■ Task brief:
Without the pictures, reproduce the entries below exactly.

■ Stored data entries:
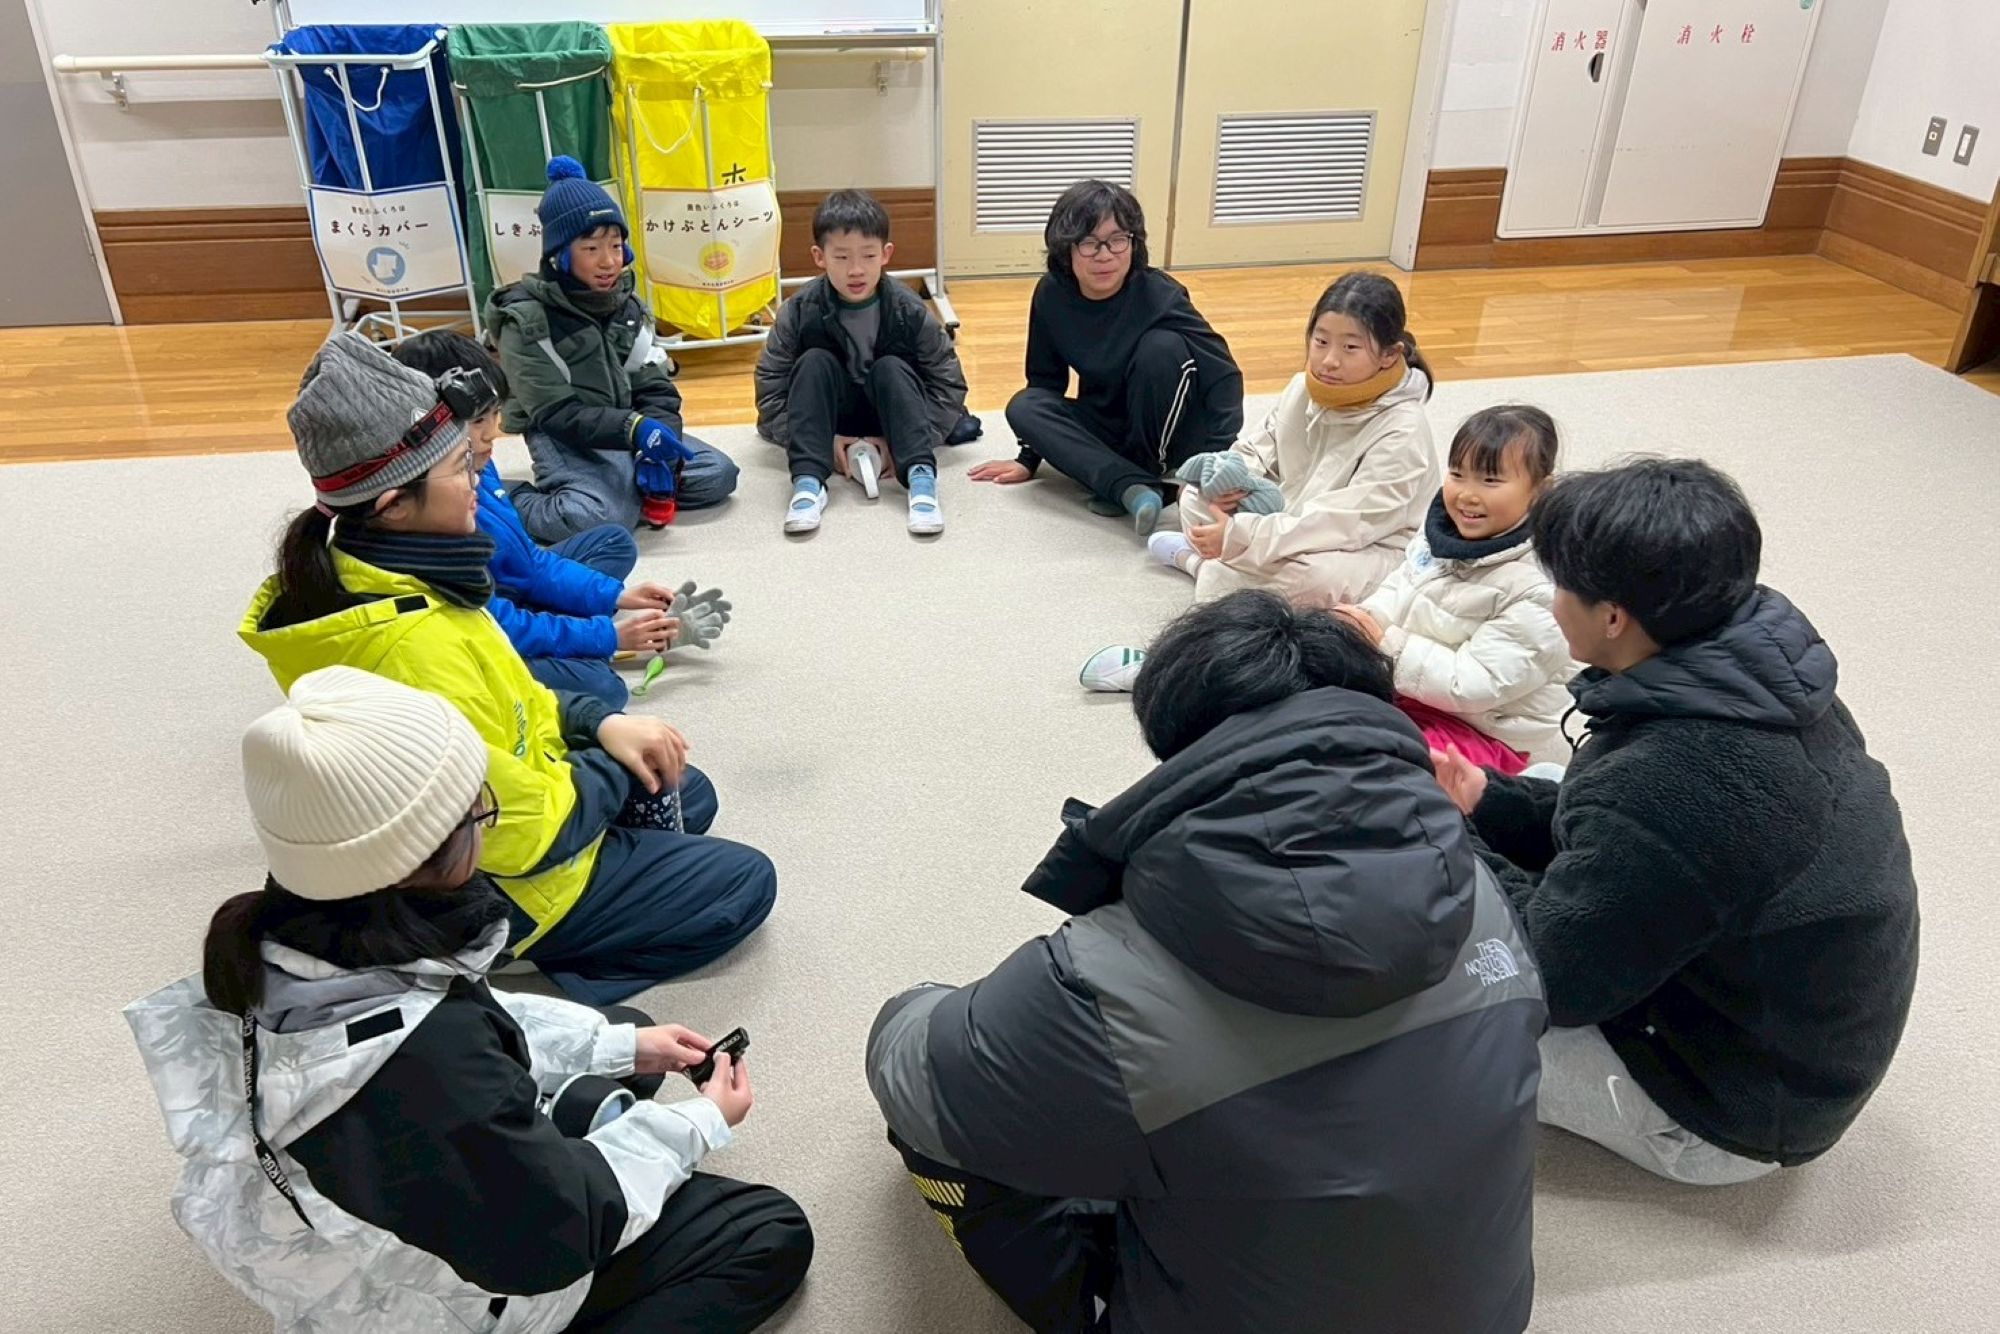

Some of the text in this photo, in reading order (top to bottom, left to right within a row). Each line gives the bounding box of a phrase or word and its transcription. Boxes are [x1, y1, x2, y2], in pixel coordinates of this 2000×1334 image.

[1550, 30, 1608, 51] 消火器
[1676, 24, 1755, 44] 消火栓
[331, 219, 429, 238] まくらカバー
[645, 211, 774, 233] かけぶとんシーツ

■ Solution to this problem:
Some of the text in this photo, in reading order (top to bottom, left to right within a row). Each line gives the bounding box of a phrase or word and its transcription. Boxes are [x1, y1, x2, y2], in pixel coordinates of this 2000×1334 image.

[1550, 30, 1608, 51] 消火器
[1676, 24, 1755, 44] 消火栓
[331, 219, 429, 238] まくらカバー
[645, 211, 774, 233] かけぶとんシーツ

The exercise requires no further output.